The death of a pregnant elephant in the buffer zone of Silent Valley National Park in Kerala’s Palakkad district, after the pachyderm allegedly bit into a coconut filled with firecrackers, has brought to the forefront the state’s growing, unresolved challenge of managing man-animal conflicts.
Thousands of farmers in Kerala have either abandoned cultivation or have stopped nursing their farm lands, especially those close to forest patches, due to the frequent raids by wild elephants, wild boars and of late, monkeys.
The state economic review 2019 has stated that “despite the proactive measures of the (forest) department in mitigating the problems of human-animal conflicts, it continues unresolved… extreme damages are caused by wild elephants and wild boars. Various measures that were adopted include digging elephant-proof trenches, creating elephant-proof walls, constructing solar-powered electric fences… In spite of these preventive measures, it is alarming to note that the number of incidents of human-animal conflict is increasing year by year. In 2018-19, as many as 7,890 incidents were reported, whereas it was 7,229 in 2017-18.’’
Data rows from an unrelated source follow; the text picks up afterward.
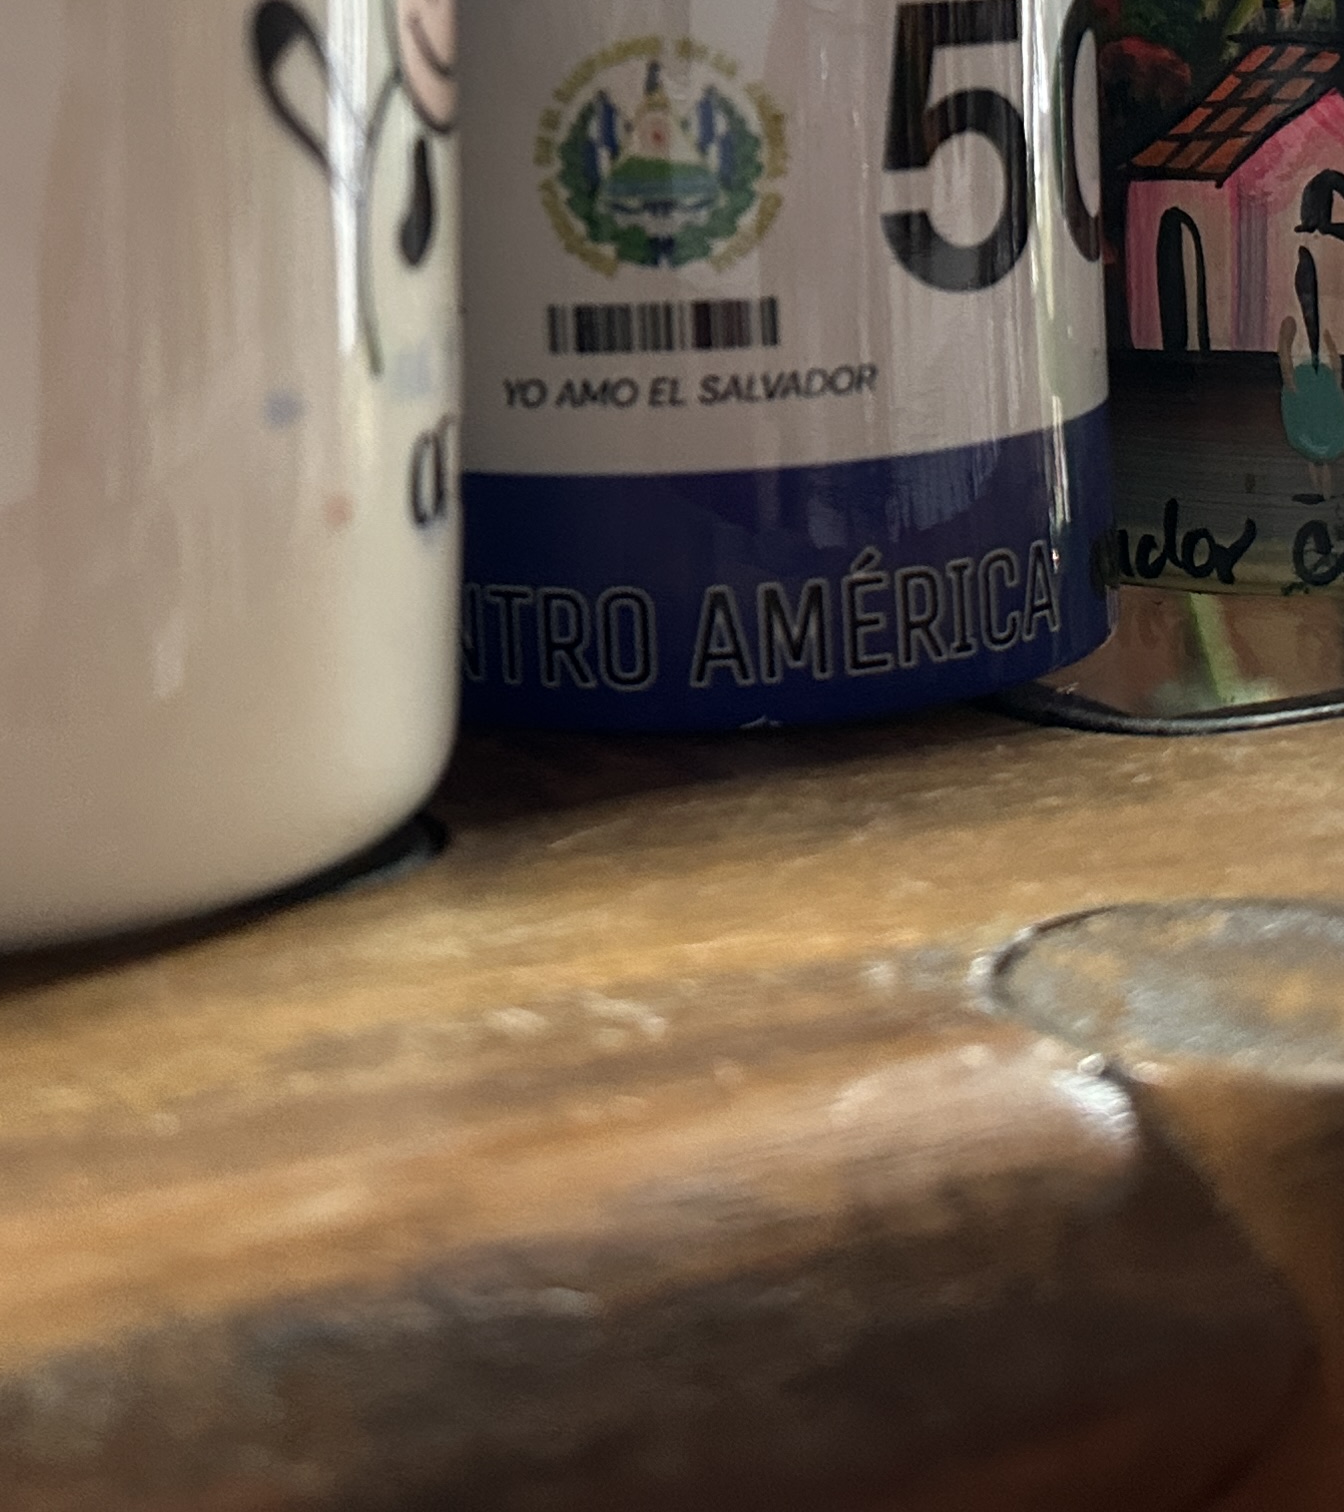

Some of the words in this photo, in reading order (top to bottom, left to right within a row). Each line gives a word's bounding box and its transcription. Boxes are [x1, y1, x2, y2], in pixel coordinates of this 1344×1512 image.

[503, 375, 548, 409] YO
[556, 376, 640, 409] AMO
[647, 376, 686, 407] EL
[698, 362, 879, 405] SALVADOR
[689, 538, 1061, 689] AMÉRICA
A senior forest department officer said, “Many plantations near forests have become land of fodder for wild elephants. New-generation farmers do not stay in estates or farm lands in remote villages and areas adjacent to forests. Loss-making estates and farm lands are unattended. The absence of regular human presence has made such lands a perfect haven for elephants. There would be enough fodder and items such as jackfruits in such lands. In the past, farmers used to take up the job of wildlife protection by preventing the entry of animals into farms. Now, that job has come to forest officials only.”
Read | Death of an elephant
Forest department data shows that between 2015 and 2020, 416 wild elephants died in Kerala, with 24 deaths attributed to “unnatural causes” — hunting, electrocution, being hit by vehicles and by explosives. During the same period, 514 people were killed in attacks by wild animals, including elephants. In 2019 alone, 15 people were killed in elephant attacks. There have been 246 cases related to wildlife crime in Kerala in 2019.
Two weeks back, the state-run Aralam Farming Corporation in Kannur district was forced to close down 600 acres of an estate block due to elephant menace. As many as 21 wild elephants trooped into the estate from a nearby wildlife sanctuary, stayed in the human habitat for several days, and killed a tribal worker and damaged vast tracts of vegetation. Over the past one year, the estate, which is spread over 4,000 acres, had suffered a loss of Rs 4 crore due to elephant raids, according to official sources.
The forest department official said the fragmentation of forests in the state has also led to elephants straying into farmlands. “Due to mining and other human interventions, elephant habitats have been disturbed. We have to ensure fodder in forests. Also, elephant corridors have to be protected. Eco-tourism projects have ended up as waste-generating ventures in forests,” he said.
However, while the threat of elephants is mainly felt in areas close to forest regions, the presence of wild boars has emerged as a threat to food security in villages and semi-urban areas. In many places, farmers are struggling to protect tubular crops and other food products, forcing them to trap the animals, scare them away using crackers, poison them or even gunning them down.
The forest department official said, “The population of wild boars has increased manifold even in non-forest areas. Jackals used to be the predator of wild boar cubs. Now, the jackal population has gone down… The use of pesticides, mainly in paddy fields and banana plantations, has turned fatal for jackals, which perished in large numbers after consuming crabs which died of exposure to lethal pesticides in such farms. Farmers have to be blamed for creating such a situation.”
The previous Congress government in the state, bowing to pressure from farmers, passed an order that stated that wild boars — barring feeding and pregnant ones — which stray into farms could be culled by forest officials in the presence of local vigilante committees. However, this order could not be implemented due to its complexities, including the issue of identifying pregnant wild boars. Also, only uniformed persons were allowed to gun down the animal.
Last month, the current CPI(M)-led government modified the order to the effect that any person with a licenced gun could shoot down wild boar which posed a threat to cultivation. With this move, any person with a licensed gun — but without no criminal background — can kill wild boar. However, there are very few licensed guns in Kerala.
Kerala Farmers Federation general secretary Joshy Joseph said, “Farmers do not go to forest to provoke the animals… Wild boars have to be controlled for the survival of farmers. The raid of elephants shows that the animals do not have fodder and water in their habitat. The government has to take steps to ensure availability of fodder for elephants in forests. No farmer can suffer the loss of crops at the time of harvest, especially after having nursed them for years. Many people who blame farmers over the man-animal conflict do not know the pain of cultivation.”